Stephanie Blalock, digital humanities librarian and associate editor of the Whitman Archive, worked with digital fellow Alexander Ashland on his project to expand the mapping of Whitman’s correspondence. Ashland, a PhD student in English, is integrating new data into an existing database and revisiting the existing prototype.

“I find his project to be especially innovative. He’s using Whitman Archive data in new and interesting ways,” Blalock says. “We, at the Whitman Archive, would like to encourage projects that use our data.”

Interdisciplinary collaboration

Despite coming from diverse academic disciplines, students worked well together and openly discussed their challenges with one another.

“So often, when people talk about digital scholarship, everyone wants to show off the shiny, finished product and hide the work,” Keegan says. “If that’s all that people who are just getting started in this area see, it perpetuates the mystery surrounding what it takes to get it done.

“It was good for students to feel they could share their stops and starts with one another and the public. You have to be honest about what it takes to get it done. If you’re not, it can lead to misunderstandings and skewed expectations.”

Caitlin Marley, a doctoral student in the Classics Department, appreciated sharing her struggles with her fellow digital scholars.

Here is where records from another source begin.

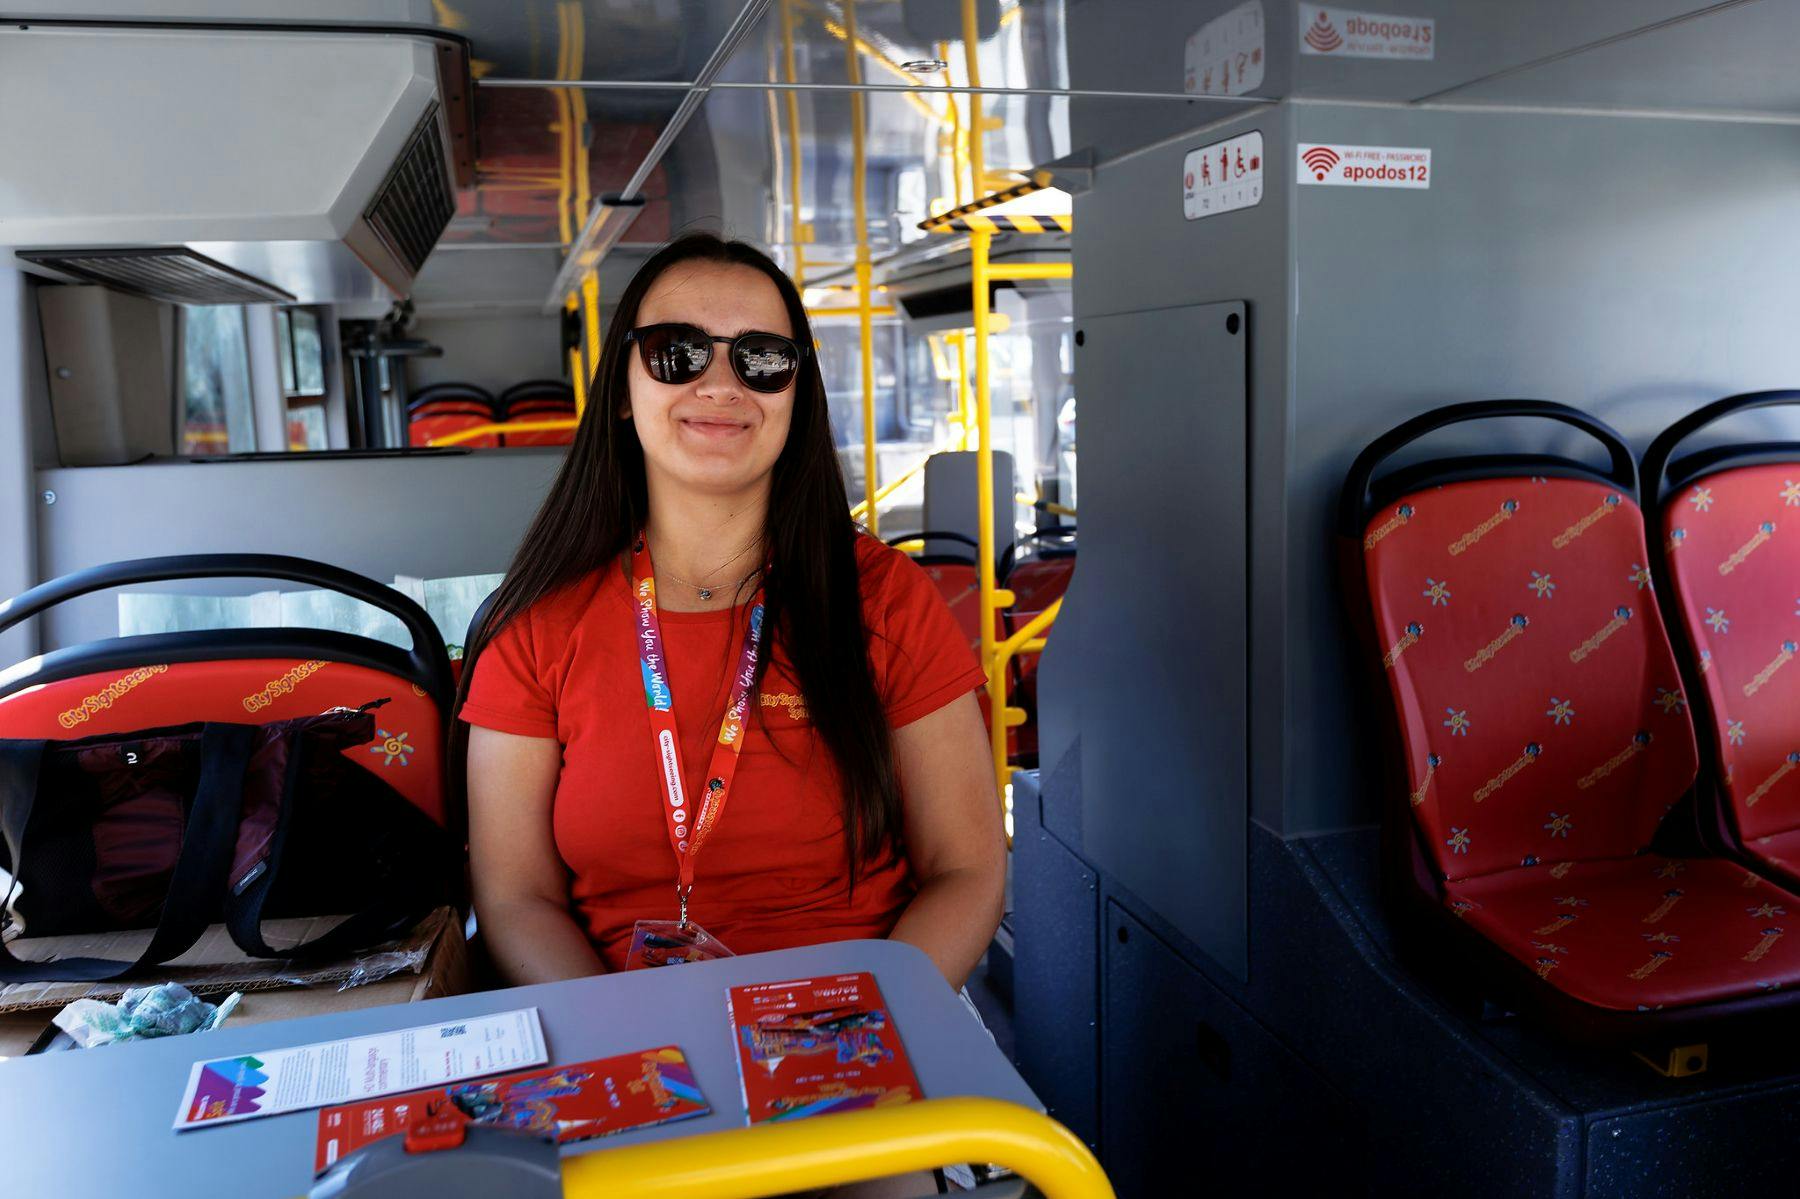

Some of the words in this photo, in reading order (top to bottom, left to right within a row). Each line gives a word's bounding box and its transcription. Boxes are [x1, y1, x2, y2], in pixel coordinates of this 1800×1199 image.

[1363, 152, 1381, 161] FREE
[1343, 164, 1428, 182] apodos12
[639, 580, 651, 597] We
[639, 598, 653, 627] Show
[641, 629, 657, 652] You
[646, 653, 661, 670] the
[651, 672, 670, 712] World!
[723, 723, 740, 742] We
[739, 664, 756, 688] You

“There was a lot of commiserating and a lot of celebrating at the same time,” says Marley, whose digital project analyzed Cicero’s corpus through computing algorithms by using his orations and social network. “You can put so much time into something with little results. So once you finish something, you want to celebrate it with someone. You definitely don’t get that when you’re working alone.”

Studio staff as well as the digital fellows deemed the pilot program a success.

“We could have had nine finished projects or nine unfinished projects, and I don’t think that would have mattered,” Keegan says. “Their understanding of the support they have, the process that’s involved, and their own place within that structure was most important.”